(Image-backed grounding data)
========

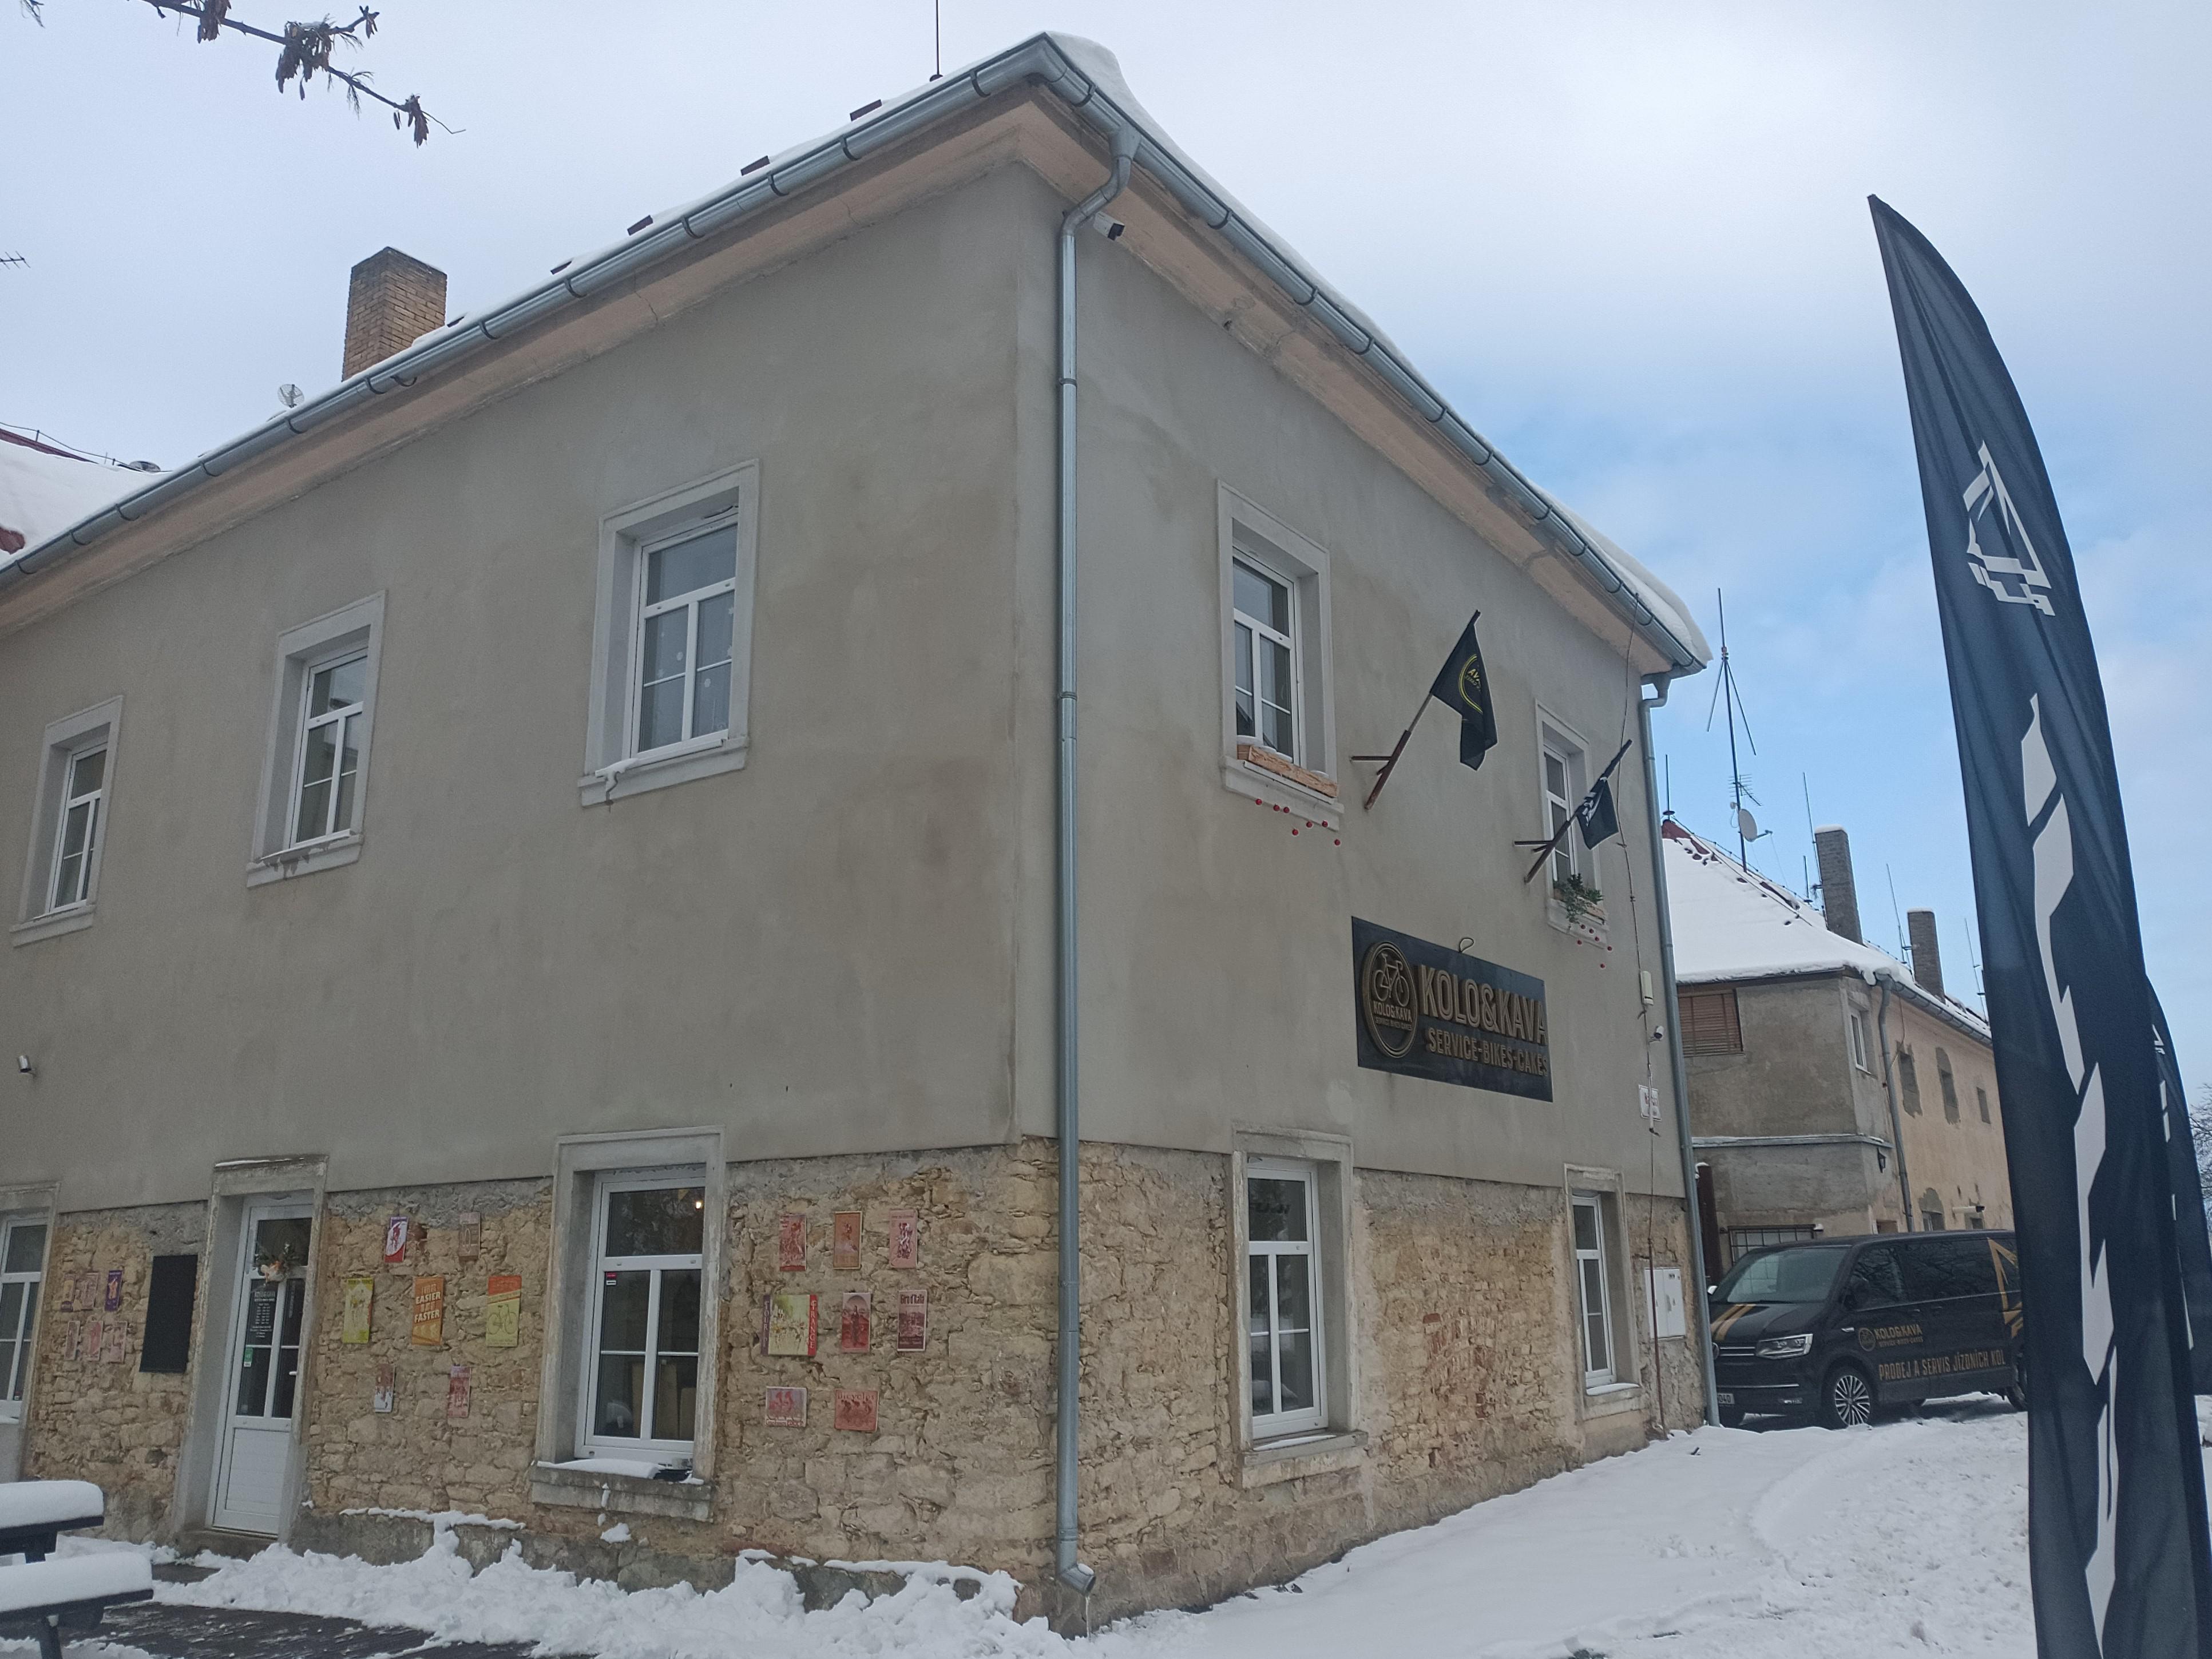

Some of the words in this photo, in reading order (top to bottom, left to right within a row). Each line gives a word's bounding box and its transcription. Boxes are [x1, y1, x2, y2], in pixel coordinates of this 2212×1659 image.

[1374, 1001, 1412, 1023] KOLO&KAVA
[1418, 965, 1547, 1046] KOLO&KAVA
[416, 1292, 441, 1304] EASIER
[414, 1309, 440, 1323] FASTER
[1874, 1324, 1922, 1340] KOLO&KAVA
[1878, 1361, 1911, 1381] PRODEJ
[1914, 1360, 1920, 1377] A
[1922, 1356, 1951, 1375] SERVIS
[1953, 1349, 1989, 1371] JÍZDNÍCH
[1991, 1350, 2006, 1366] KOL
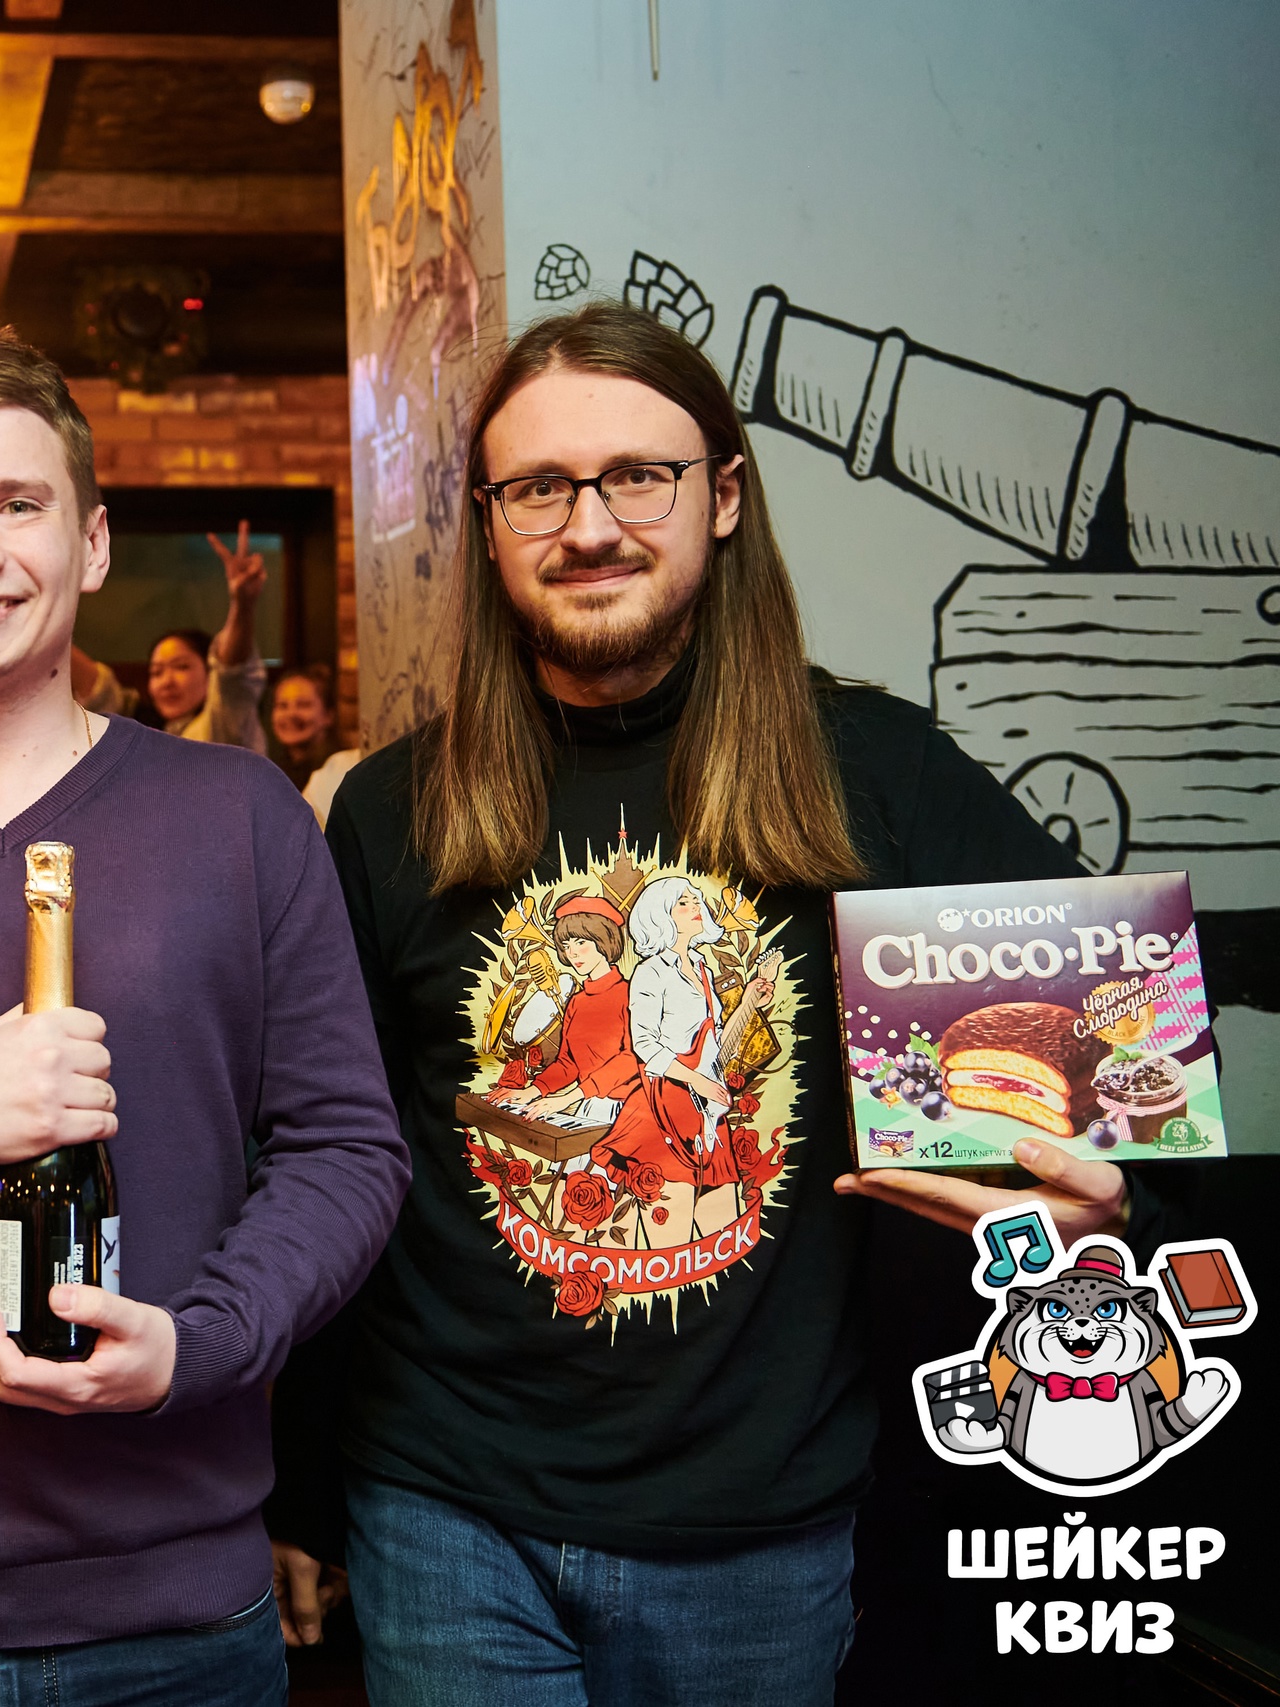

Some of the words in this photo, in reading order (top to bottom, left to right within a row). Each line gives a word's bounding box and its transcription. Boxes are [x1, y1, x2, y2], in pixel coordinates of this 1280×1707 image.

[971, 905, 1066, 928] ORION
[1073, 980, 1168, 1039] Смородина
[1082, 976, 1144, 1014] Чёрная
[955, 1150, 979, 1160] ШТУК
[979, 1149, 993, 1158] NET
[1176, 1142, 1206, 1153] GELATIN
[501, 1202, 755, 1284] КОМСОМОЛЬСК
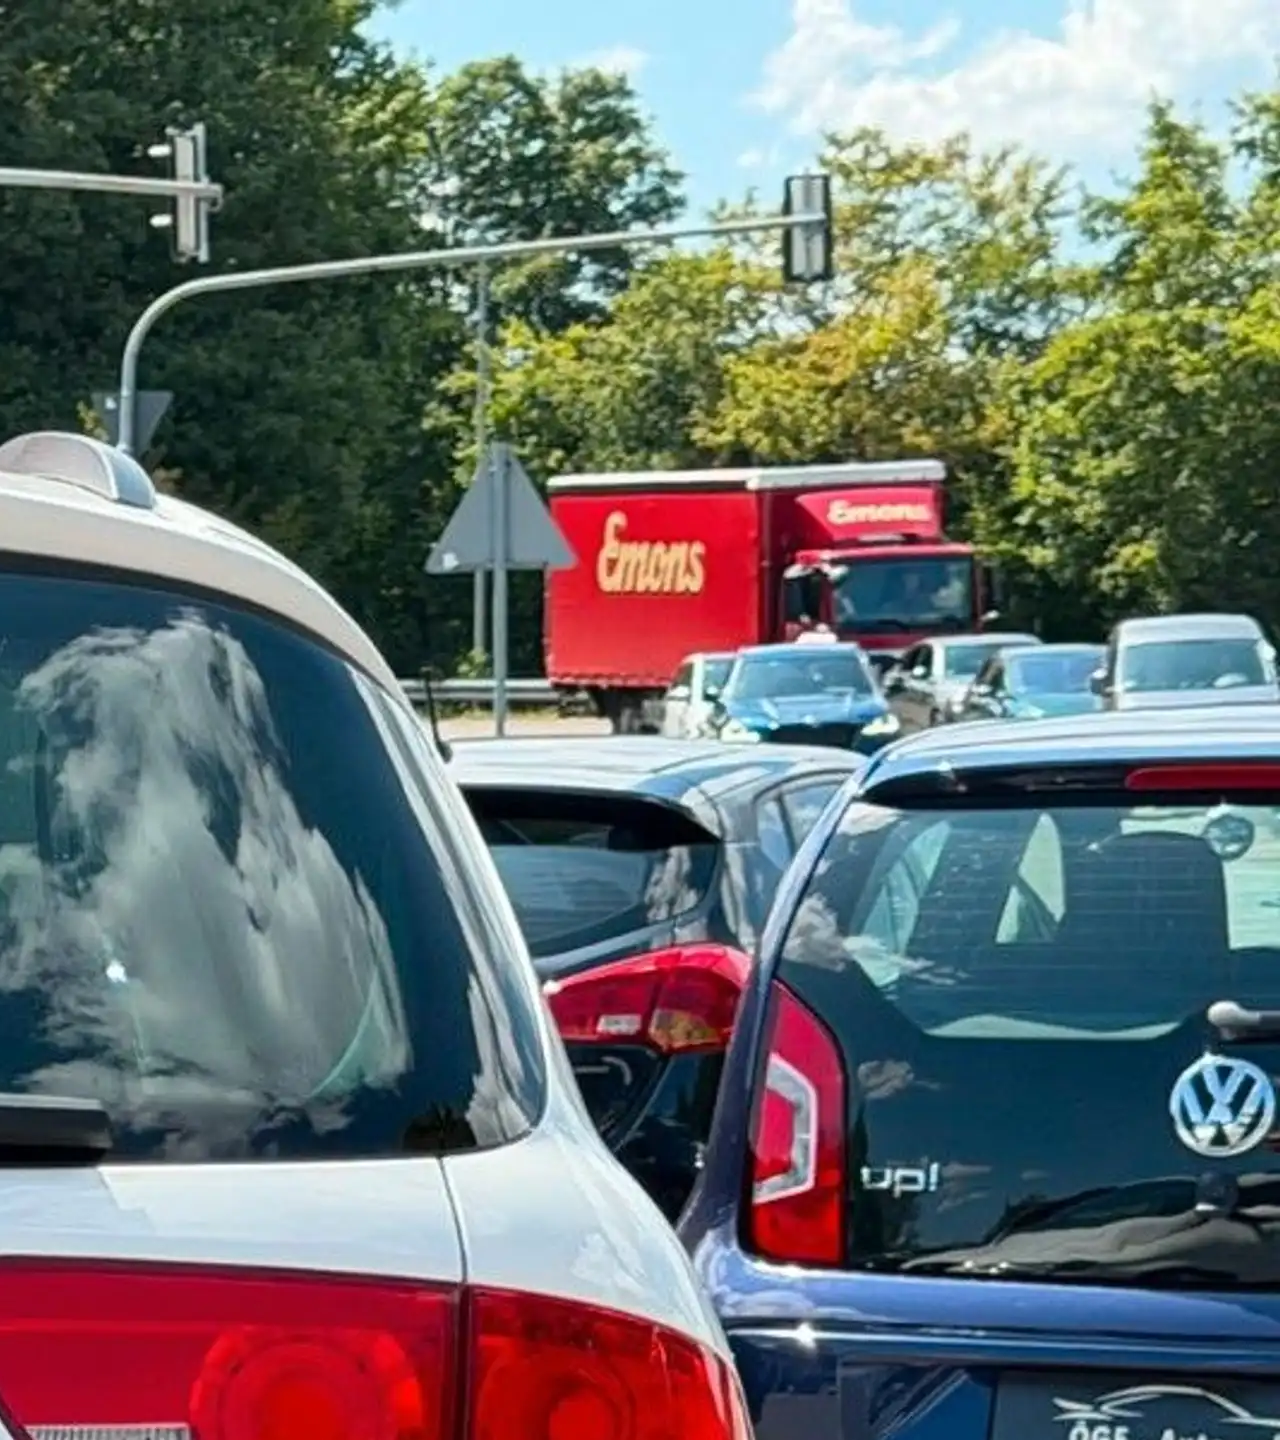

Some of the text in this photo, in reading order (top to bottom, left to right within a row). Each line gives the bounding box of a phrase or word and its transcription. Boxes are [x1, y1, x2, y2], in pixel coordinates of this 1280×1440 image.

========

PROBLEM DESCRIPTION ▸ Once the pictures are set aside, write out each record exactly.

ANSWER FOR THIS EXERCISE ▸
Some of the words in this photo, in reading order (top to bottom, left to right within a row). Each line gives a word's bounding box and its transcription. Boxes are [x1, y1, x2, y2], in pixel coordinates of this 2212×1659 image.

[1374, 1001, 1412, 1023] KOLO&KAVA
[1418, 965, 1547, 1046] KOLO&KAVA
[416, 1292, 441, 1304] EASIER
[414, 1309, 440, 1323] FASTER
[1874, 1324, 1922, 1340] KOLO&KAVA
[1878, 1361, 1911, 1381] PRODEJ
[1914, 1360, 1920, 1377] A
[1922, 1356, 1951, 1375] SERVIS
[1953, 1349, 1989, 1371] JÍZDNÍCH
[1991, 1350, 2006, 1366] KOL

Some of the words in this photo, in reading order (top to bottom, left to right within a row). Each line gives a word's bounding box and its transcription. Boxes are [x1, y1, x2, y2], in pixel coordinates of this 1280×1707 image.

[971, 905, 1066, 928] ORION
[1073, 980, 1168, 1039] Смородина
[1082, 976, 1144, 1014] Чёрная
[955, 1150, 979, 1160] ШТУК
[979, 1149, 993, 1158] NET
[1176, 1142, 1206, 1153] GELATIN
[501, 1202, 755, 1284] КОМСОМОЛЬСК

Some of the text in this photo, in reading order (top to bottom, left to right within a row). Each line gives the bounding box of a phrase or word and its transcription. Boxes are [x1, y1, x2, y2], in pixel coordinates of this 1280×1440 image.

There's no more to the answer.